Jiuhua Shan rises from the Anhui countryside as one of China's Four Sacred Buddhist Mountains, dedicated to Ksitigarbha — the bodhisattva who vowed not to achieve buddhahood until all hells are emptied. For over twelve centuries, pilgrims have climbed its forested slopes to pray for deceased loved ones, venerate the incorrupt body of the Korean monk Kim Gyo Gak, and encounter the concentrated weight of grief transformed into devotion.

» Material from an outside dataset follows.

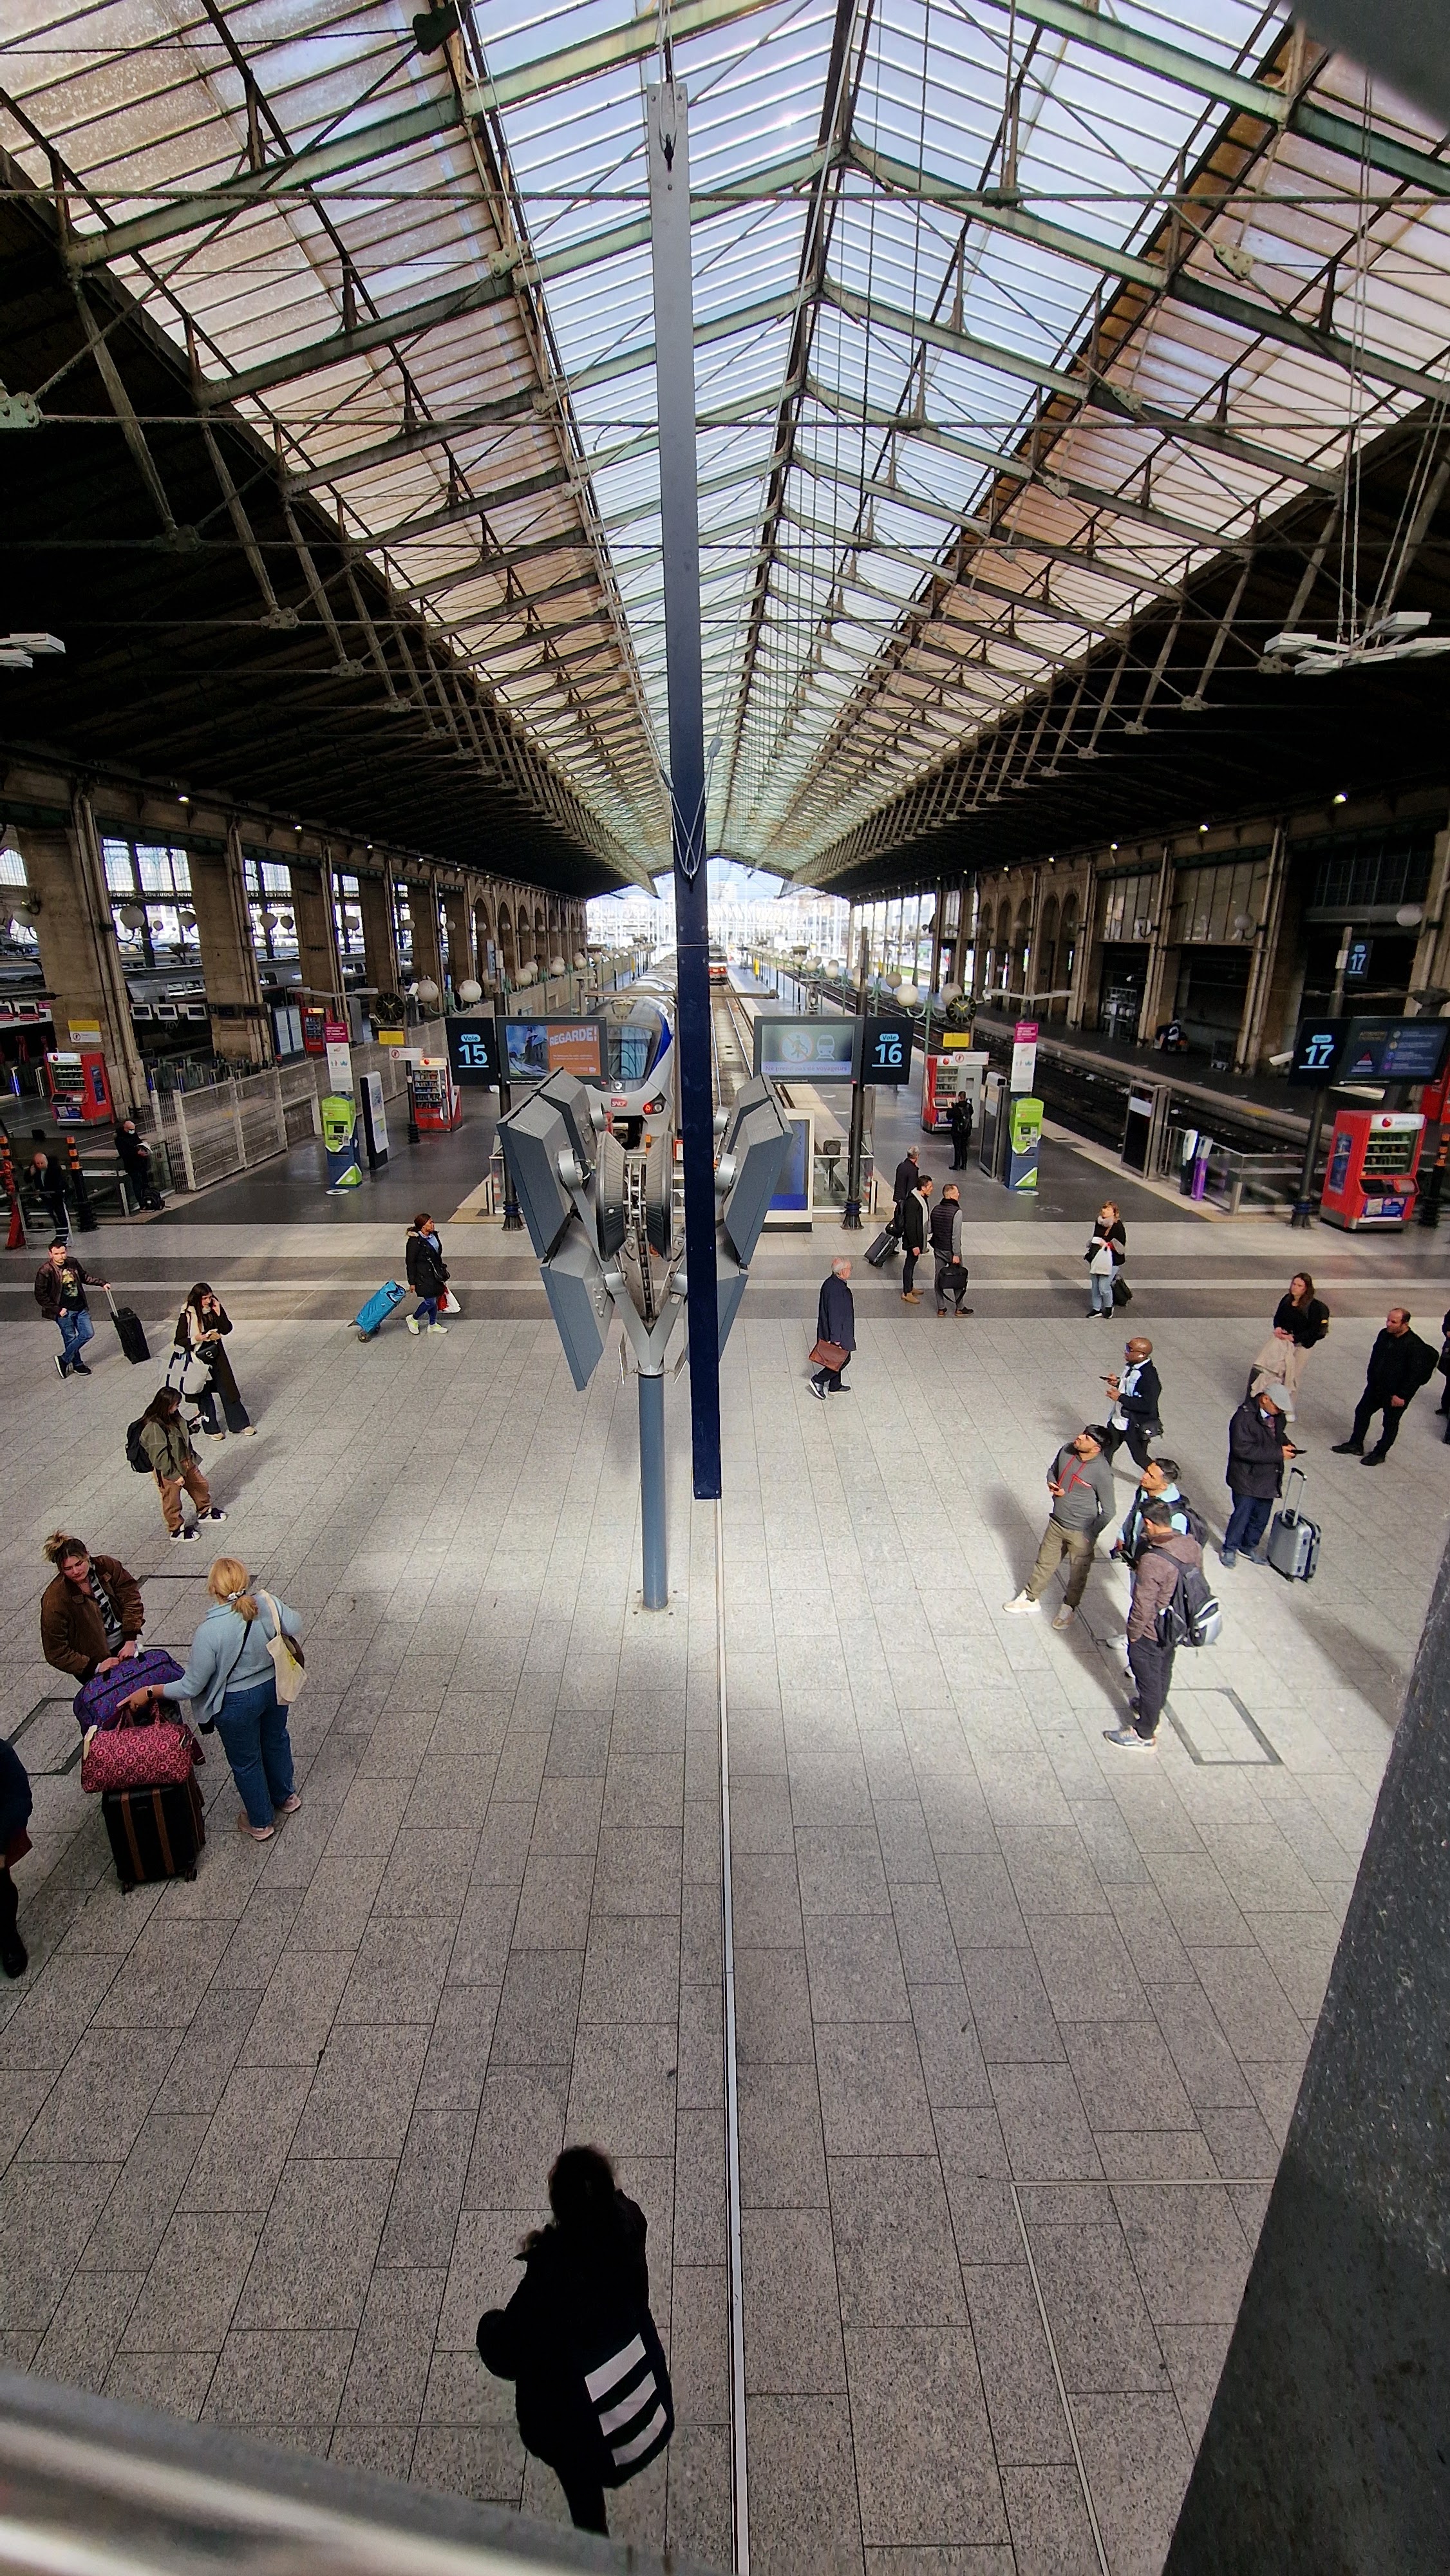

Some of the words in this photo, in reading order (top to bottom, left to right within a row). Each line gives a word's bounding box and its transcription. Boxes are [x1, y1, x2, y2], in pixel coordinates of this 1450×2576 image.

There are places where sorrow is not managed but honored. Jiuhua Shan is one of them. This mountain in Anhui Province, one of China's Four Sacred Buddhist Mountains, is where millions of Chinese Buddhists come to pray for the dead — not in the abstract but with the raw particularity of a mother's name, a father's face, a child who did not grow old.

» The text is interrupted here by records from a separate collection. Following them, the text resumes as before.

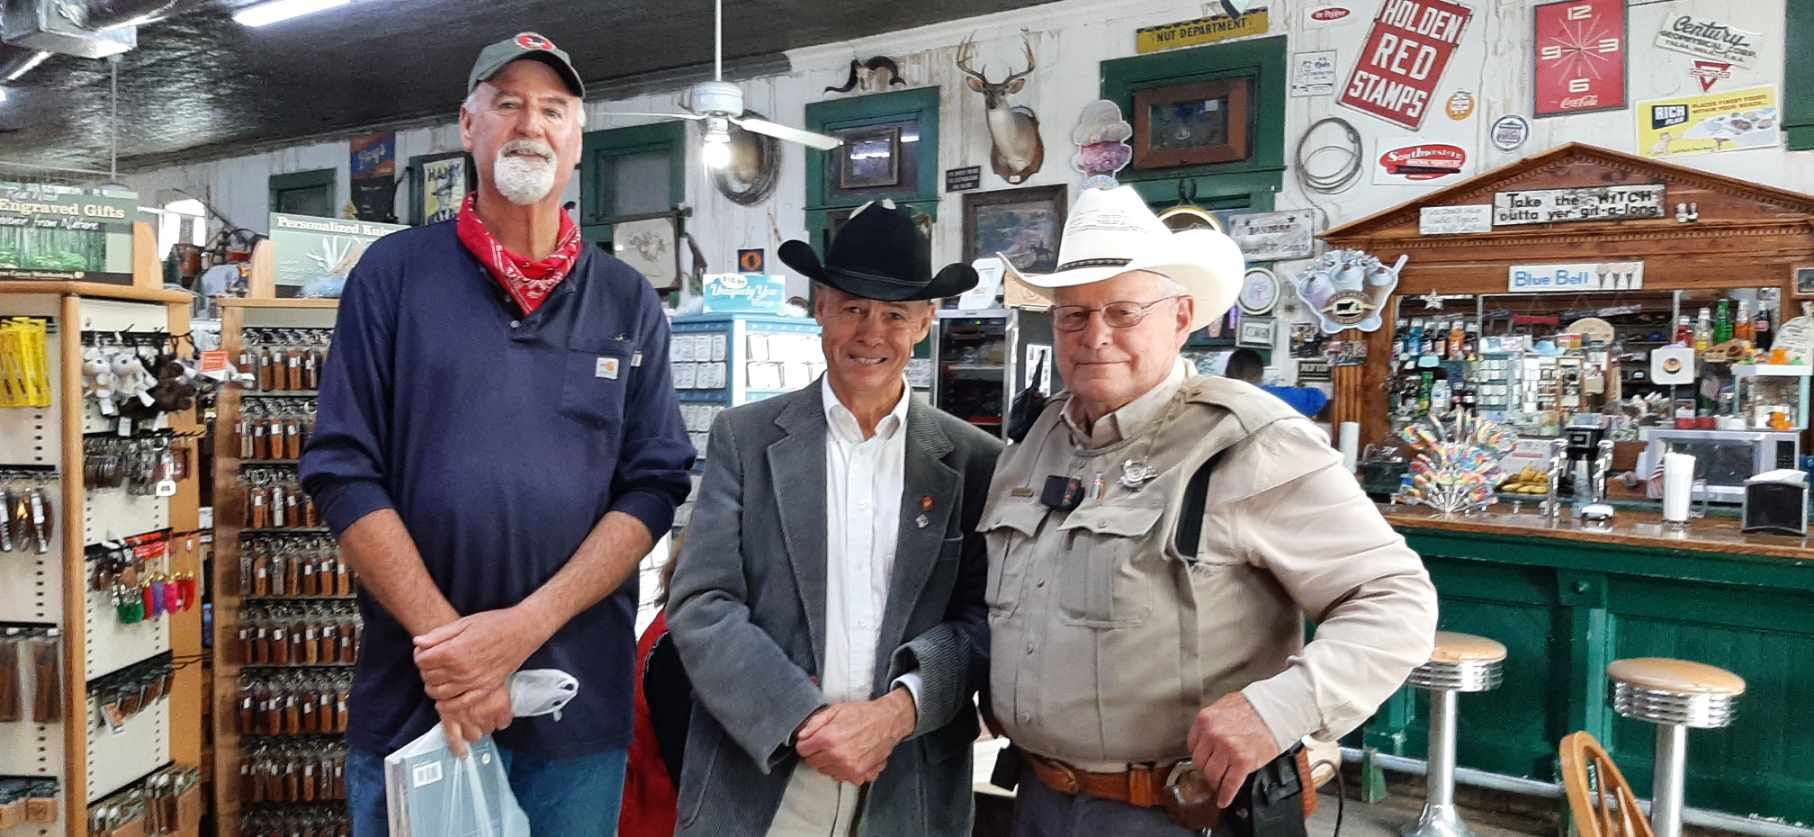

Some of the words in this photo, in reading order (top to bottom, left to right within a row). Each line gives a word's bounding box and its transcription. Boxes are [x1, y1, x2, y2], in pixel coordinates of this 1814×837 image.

[1382, 0, 1464, 43] HOLDEN
[1567, 5, 1592, 20] 12
[1156, 29, 1176, 42] NUT
[1180, 16, 1247, 39] DEPARTMENT
[1672, 15, 1751, 46] Century
[1371, 32, 1438, 81] RED
[1541, 45, 1561, 60] 9
[1599, 38, 1618, 53] 3
[1348, 70, 1428, 118] STAMPS
[1569, 78, 1590, 93] 6
[1654, 106, 1686, 121] RICH
[0, 198, 79, 216] Engraved
[84, 203, 126, 219] Gifts
[1507, 193, 1542, 208] Take
[1555, 195, 1579, 206] the
[277, 216, 359, 233] Personalized
[1500, 209, 1539, 222] outta
[1548, 209, 1575, 220] yer
[1515, 271, 1551, 287] Blue
[1555, 269, 1589, 286] Bell

The mountain belongs to Ksitigarbha Bodhisattva, called Dizang Wang Pusa in Chinese — the one who descends into the darkest realms of existence to guide suffering beings toward the light. His vow is among the most radical commitments in world religion: he will not rest until every hell is emptied. The Korean monk Kim Gyo Gak came here in the Tang Dynasty, practiced for seventy-five years, and upon his death at ninety-nine, his body was found incorrupt. It was understood as a manifestation of Ksitigarbha himself. That gilded body still rests in the Roushen Hall at Tiantai Peak, and the faithful still come.

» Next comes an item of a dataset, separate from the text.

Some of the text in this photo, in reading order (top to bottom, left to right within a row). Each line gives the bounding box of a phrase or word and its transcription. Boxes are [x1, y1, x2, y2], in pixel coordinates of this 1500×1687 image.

Across the mountain's ninety-nine peaks — traditionally said to resemble nine lotus flowers, a name given by the poet Li Bai — approximately eighty to ninety-nine temples sustain a monastic community of hundreds. The air carries incense smoke and the sound of sutra chanting. Some pilgrims ascend the entire mountain through full-body prostrations, pressing forehead to stone with each step. This is not performance. This is prayer made physical, offered by the body when words are insufficient.

Context and lineage

Kim Gyo Gak, a Korean monk who practiced on Jiuhua Shan for seventy-five years during the Tang Dynasty, became identified as a manifestation of Ksitigarbha Bodhisattva after his body was found incorrupt. This identification transformed the mountain into one of China's Four Sacred Buddhist Mountains and the primary site for prayers on behalf of the dead.

The mountain was known long before its Buddhist identity. The poet Li Bai visited around 730 CE and, gazing at its peaks, wrote: 'Looking up at Jiuhua Peak, the sky's green lotus flowers bloom in nine brilliancies.' His poem gave the mountain its name — Jiuhua, Nine Glories or Nine Flowers.

But the mountain's soul arrived from Korea. Kim Gyo Gak, a monk of possible royal or aristocratic background, came to Tang Dynasty China and climbed Jiuhua Shan, finding a natural cave where he settled into practice. He lived on herbs and spring water. He meditated. For seventy-five years, he remained on the mountain.

When Kim Gyo Gak died in 794 CE at the age of ninety-nine, his body was sealed in a burial urn. Three years later, when the urn was opened, the body was found completely preserved — joints flexible, skin warm. This was recognized as the mark of extraordinary spiritual attainment, and Kim Gyo Gak was identified as an incarnation of Ksitigarbha Bodhisattva, the one whose vow encompasses all suffering beings.

A local landowner named Wen-ke and his son, moved by Kim Gyo Gak's devotion, donated land for temple construction and eventually became monks themselves. They are commemorated alongside Kim Gyo Gak in the tradition of the Three Saints of Jiuhua.

The religious lineage at Jiuhua Shan flows from Kim Gyo Gak's individual practice to a mountain-wide monastic tradition spanning over twelve hundred years. The Chan (Zen) school of Buddhism has been prominent, but the mountain's defining identity is devotional rather than sectarian — it is Ksitigarbha's mountain, and Ksitigarbha devotion crosses all Buddhist lineages in China. The tradition of bodily preservation continued after Kim Gyo Gak, with several later monks' bodies found incorrupt and enshrined at various temples. The mountain weathered the Cultural Revolution and has fully recovered as both a monastic center and pilgrimage destination.

Kim Gyo Gak (金乔觉)

A Korean monk, possibly of royal lineage, who practiced on Jiuhua Shan for seventy-five years during the Tang Dynasty. His incorrupt body, found three years after his death in 794 CE, was identified as a manifestation of Ksitigarbha Bodhisattva, establishing the mountain's sacred identity.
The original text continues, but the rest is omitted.